+++ Material supplied

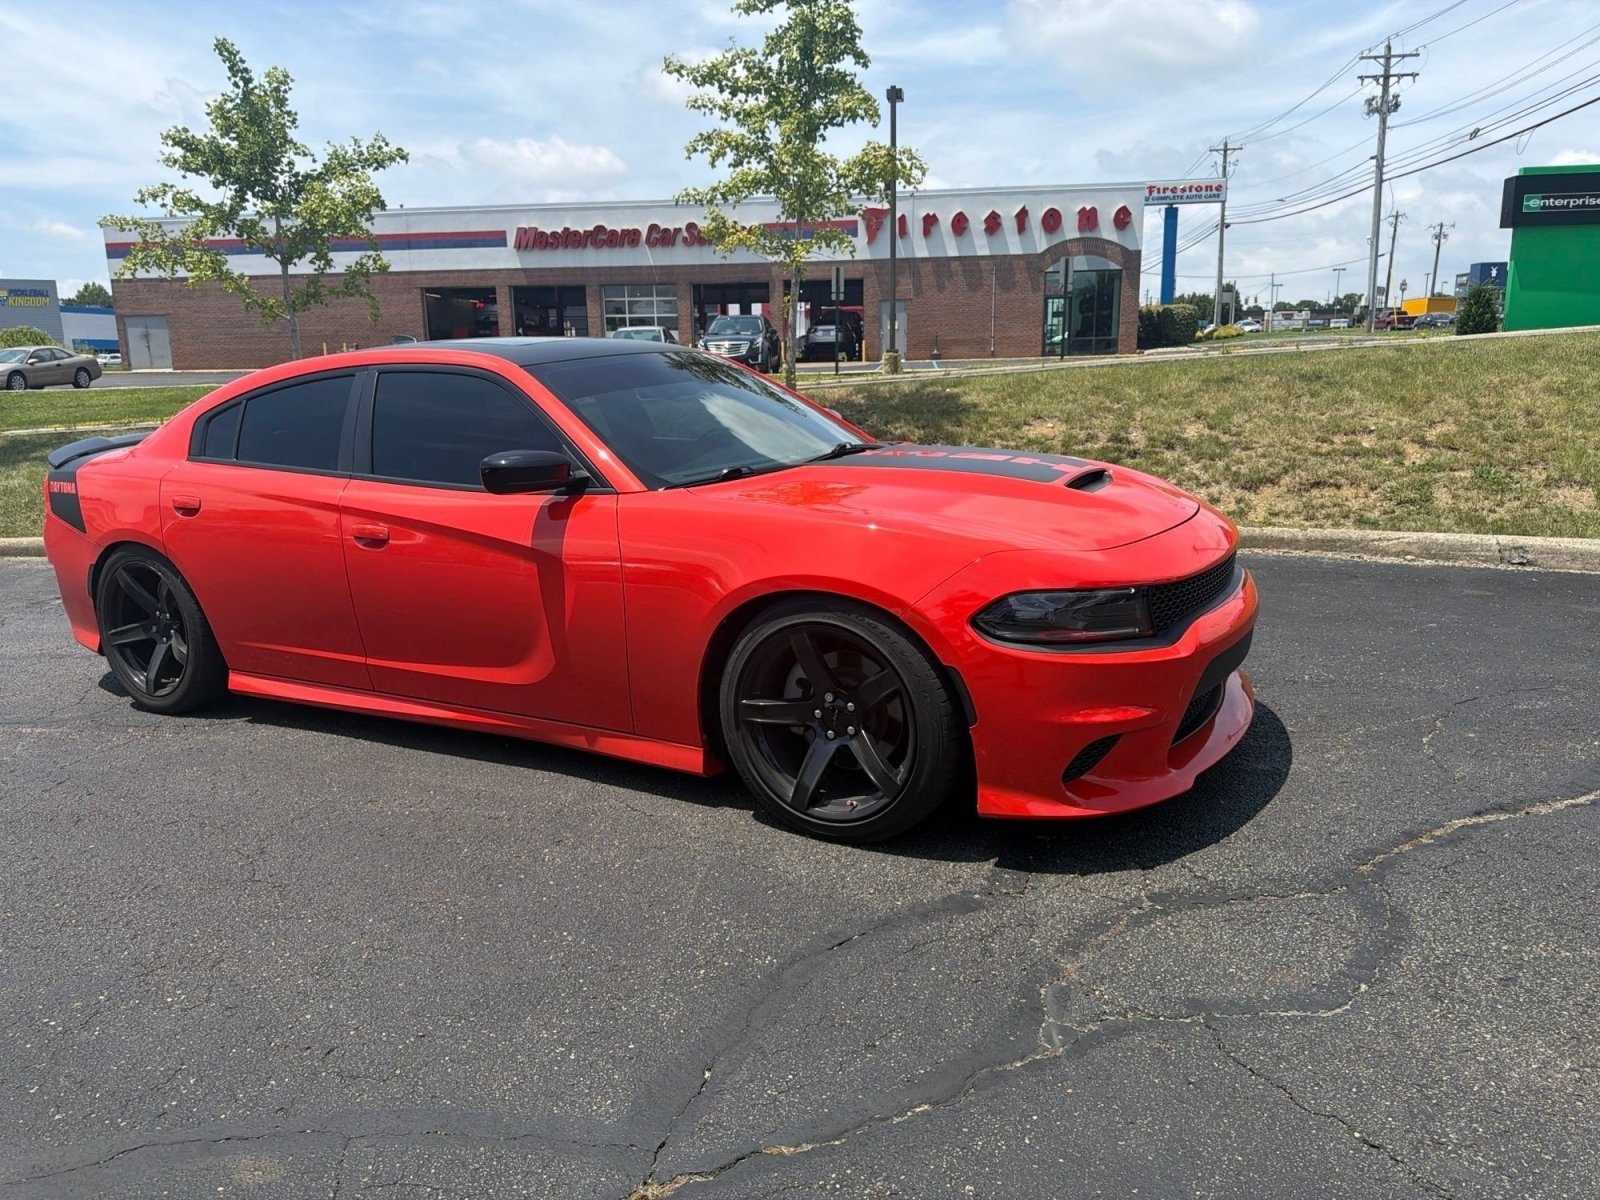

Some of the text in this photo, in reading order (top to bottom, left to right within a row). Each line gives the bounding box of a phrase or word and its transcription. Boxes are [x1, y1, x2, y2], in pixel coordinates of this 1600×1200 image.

[1146, 184, 1223, 196] Firestone
[1151, 194, 1184, 202] COMPLETE
[863, 204, 1133, 245] Firestone
[514, 225, 641, 250] MasterCare
[645, 223, 682, 246] Car
[8, 296, 50, 307] KINGDOM
[49, 481, 76, 494] DAYTONA
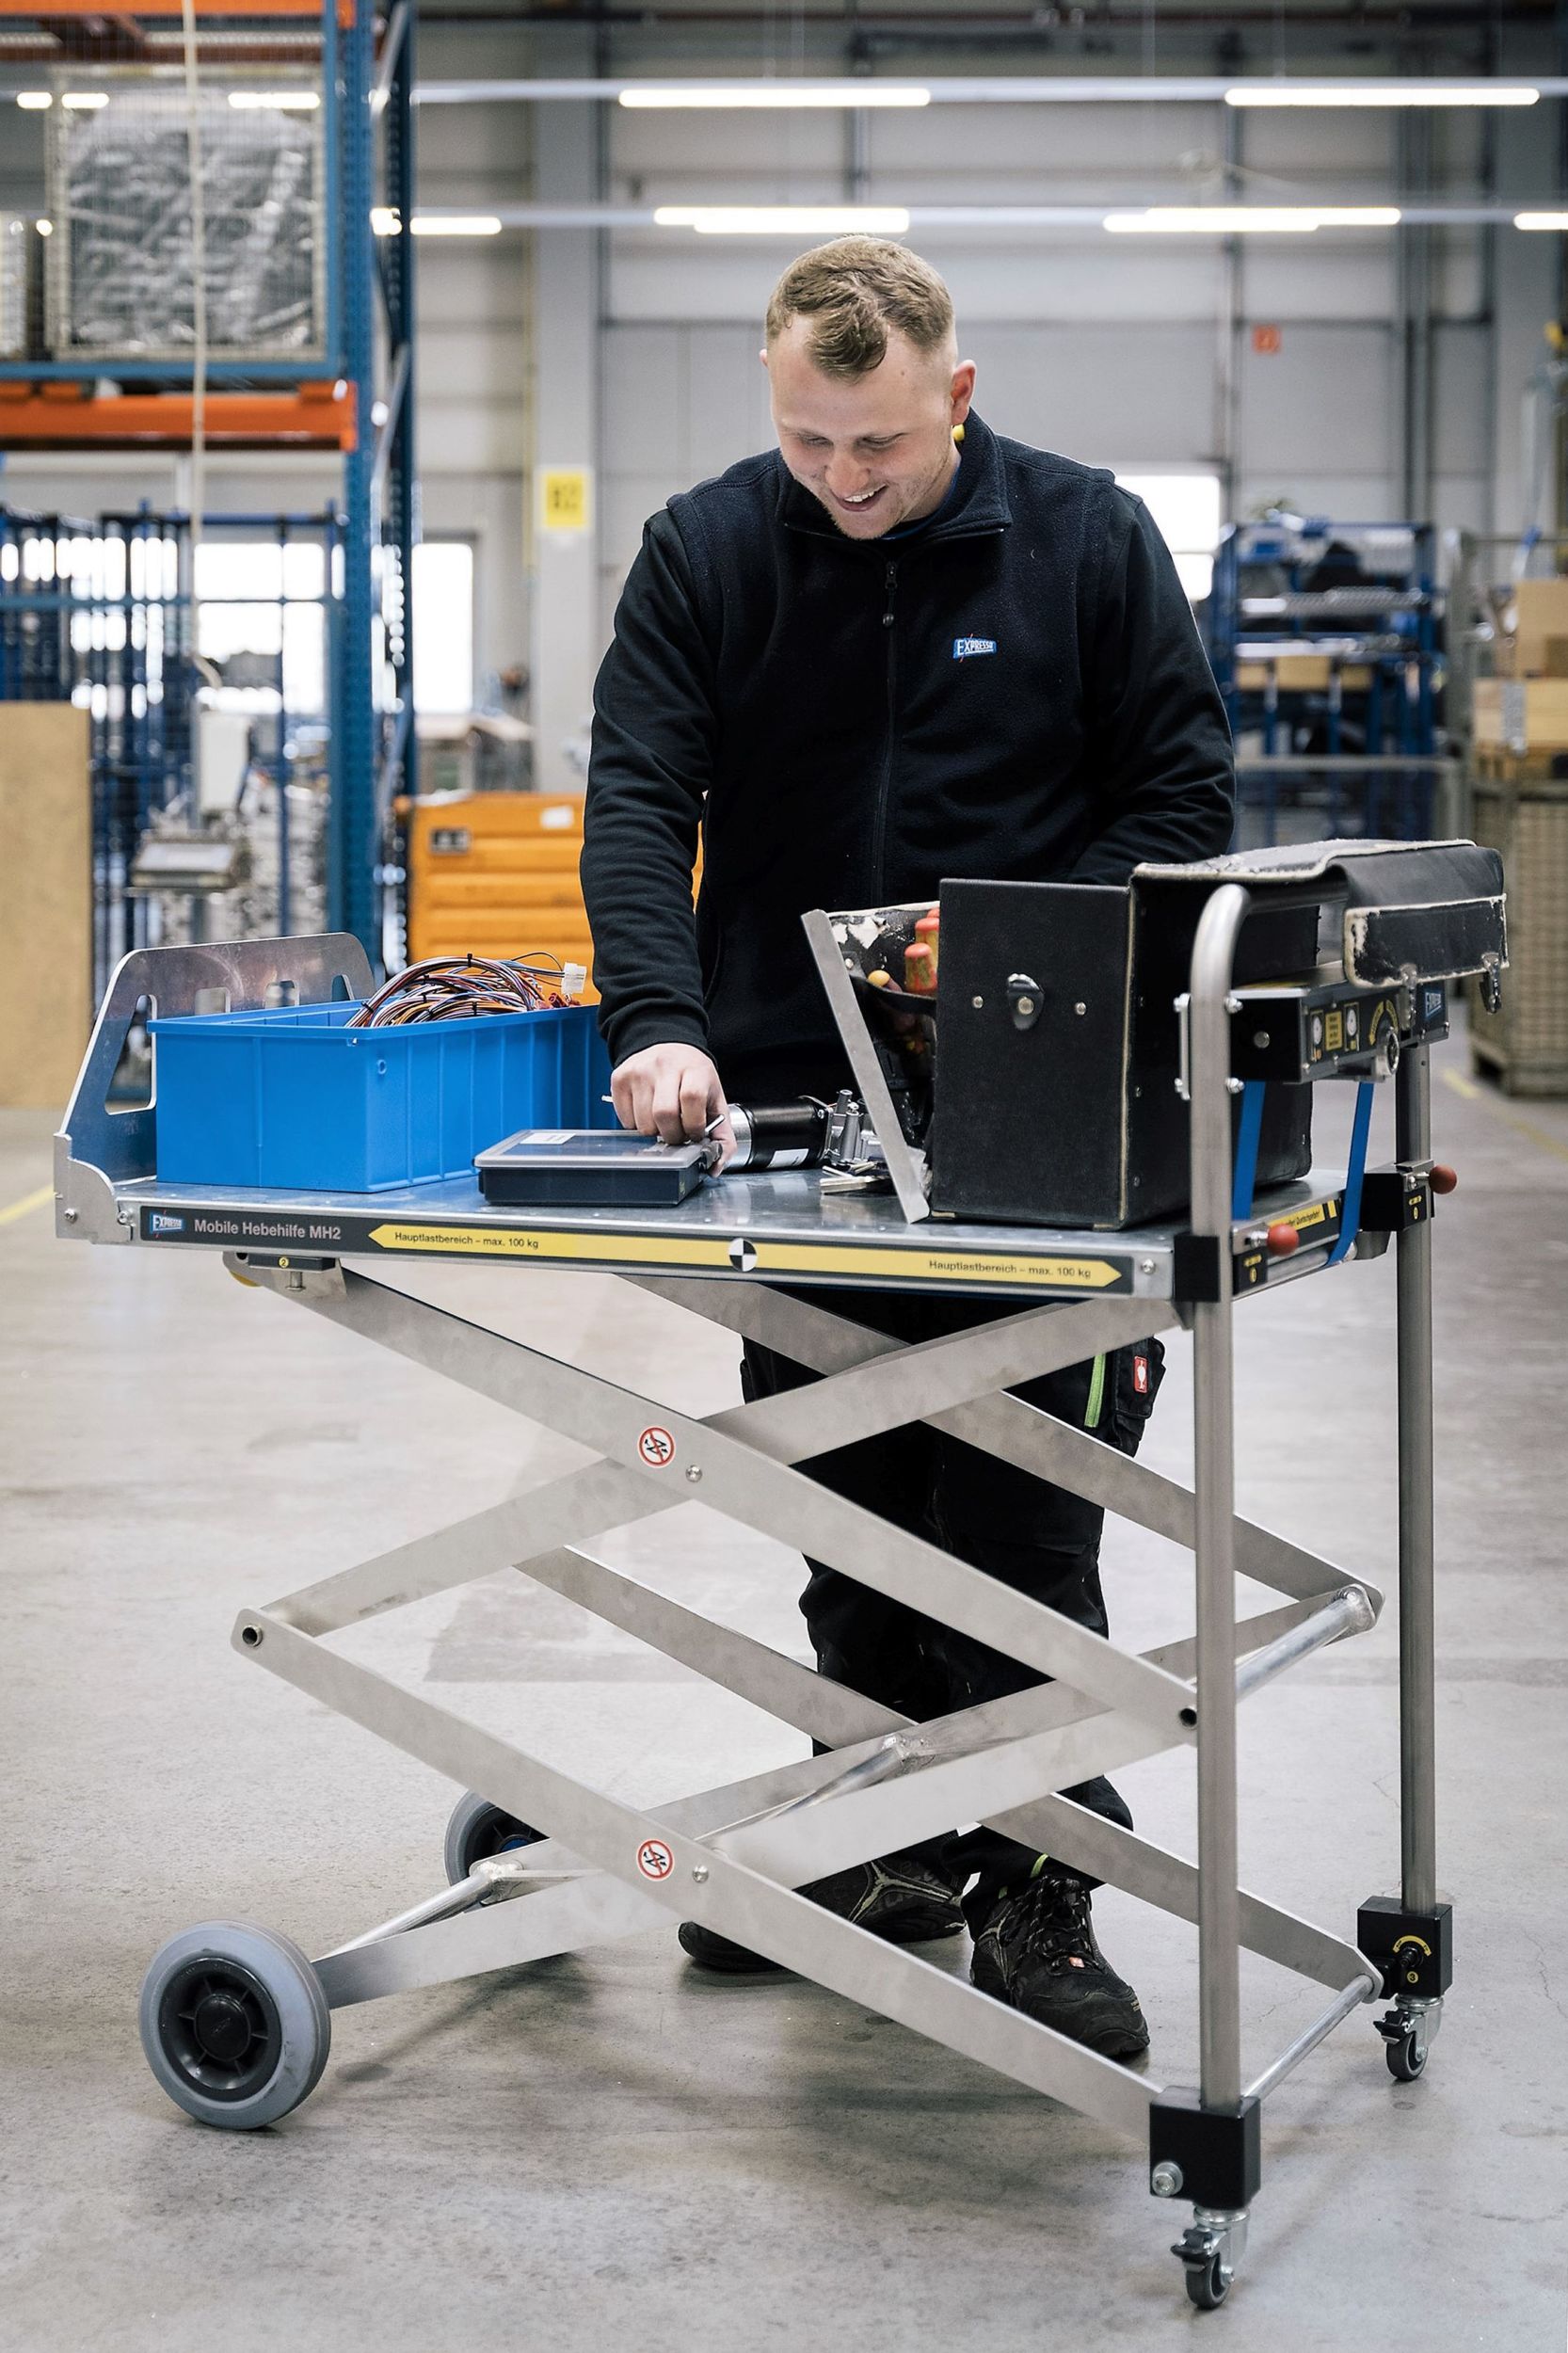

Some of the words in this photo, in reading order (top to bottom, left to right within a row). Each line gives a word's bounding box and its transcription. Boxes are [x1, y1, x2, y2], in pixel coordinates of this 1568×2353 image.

[194, 1219, 239, 1234] Mobile
[242, 1222, 306, 1239] Hebehilfe
[309, 1225, 342, 1241] MH2
[395, 1232, 473, 1245] Hauptlastbereich
[483, 1238, 505, 1246] max.
[508, 1238, 524, 1247] 100
[526, 1239, 539, 1249] kg
[929, 1259, 1017, 1273] Hauptlastbereich
[1028, 1266, 1053, 1276] max.
[1057, 1267, 1075, 1277] 100
[1078, 1268, 1091, 1279] kg
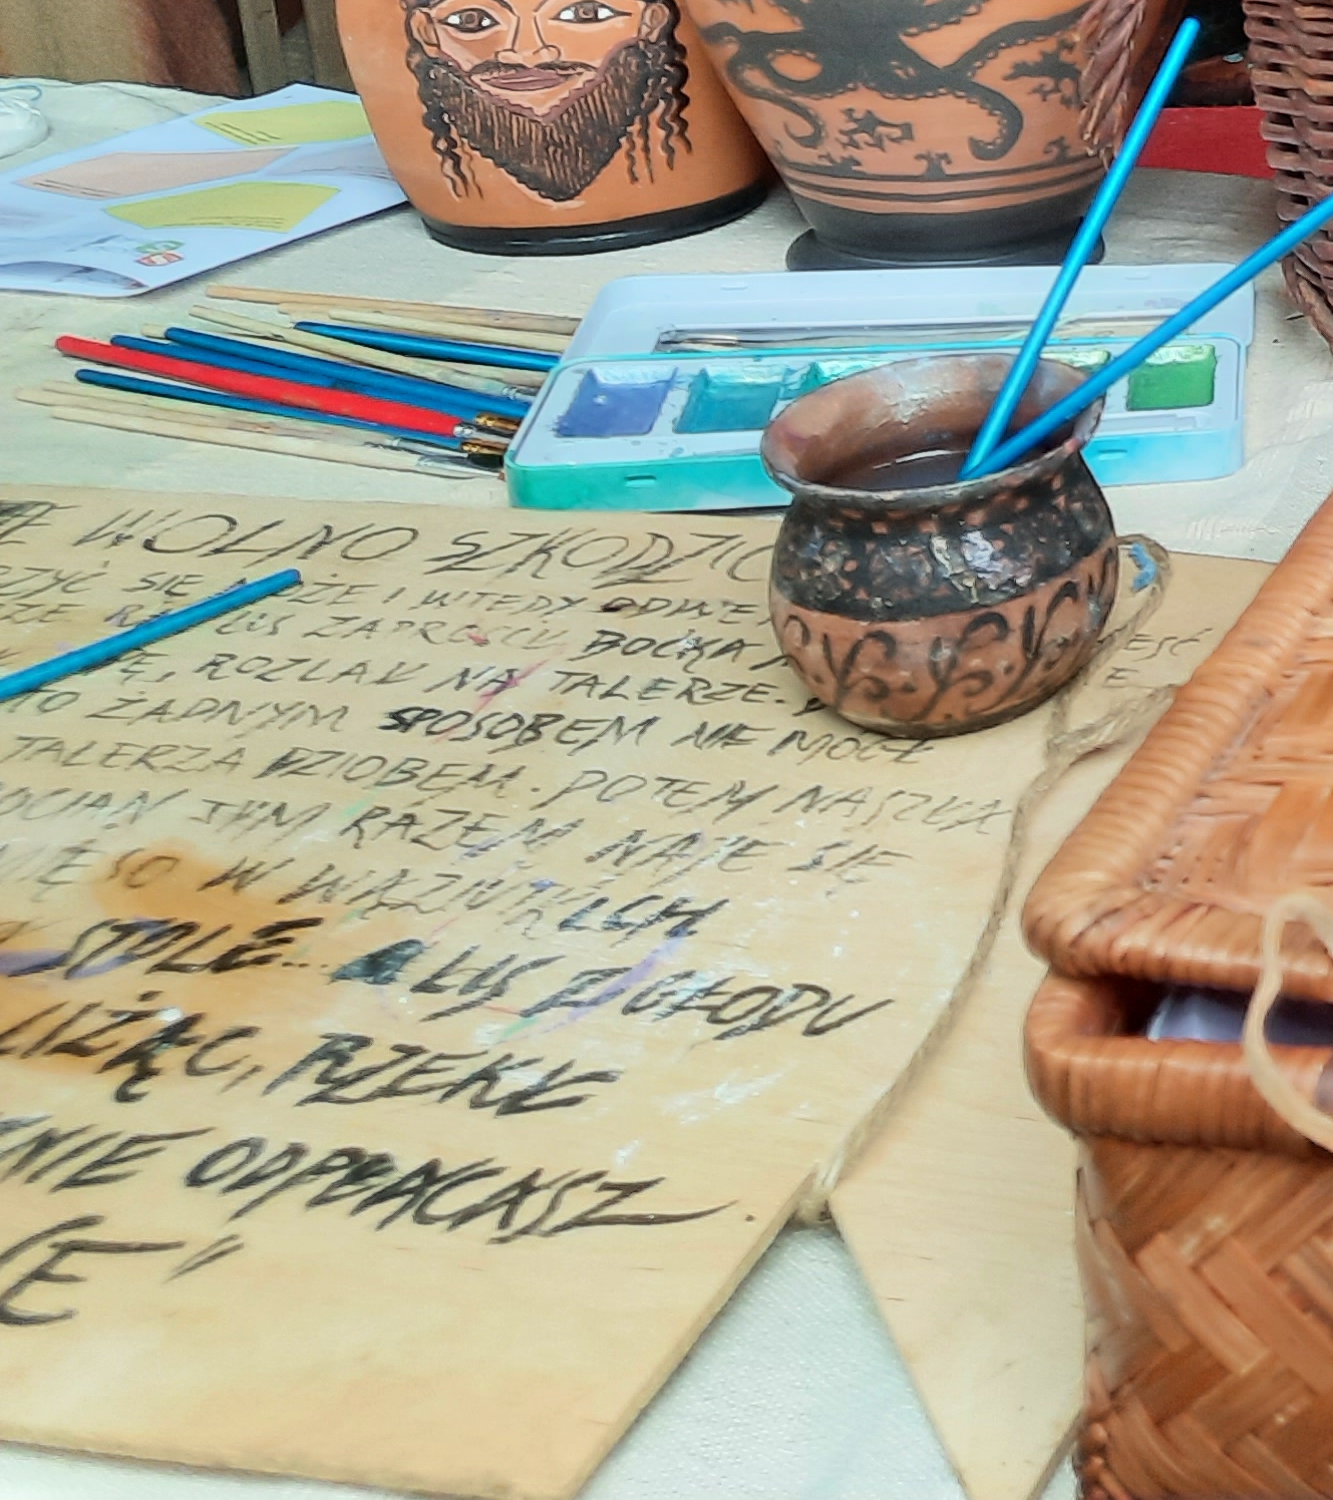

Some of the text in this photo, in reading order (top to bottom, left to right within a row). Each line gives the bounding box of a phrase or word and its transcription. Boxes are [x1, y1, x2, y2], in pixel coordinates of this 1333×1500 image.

[72, 509, 418, 568] WOLNO
[422, 665, 521, 698] NA
[377, 706, 661, 756] SPOSOBEM
[671, 712, 776, 750] NIE
[529, 769, 780, 826] POTEM
[340, 805, 585, 858] RAZEM

++++++

#### Problem to solve:
Produce an exact transcription of the lines from the one containing "this 1333×1500 image." through the end of the records, both included, and no other lines.

#### Task solution:
Some of the text in this photo, in reading order (top to bottom, left to right within a row). Each line gives the bounding box of a phrase or word and its transcription. Boxes are [x1, y1, x2, y2], in pixel coordinates of this 1333×1500 image.

[72, 509, 418, 568] WOLNO
[422, 665, 521, 698] NA
[377, 706, 661, 756] SPOSOBEM
[671, 712, 776, 750] NIE
[529, 769, 780, 826] POTEM
[340, 805, 585, 858] RAZEM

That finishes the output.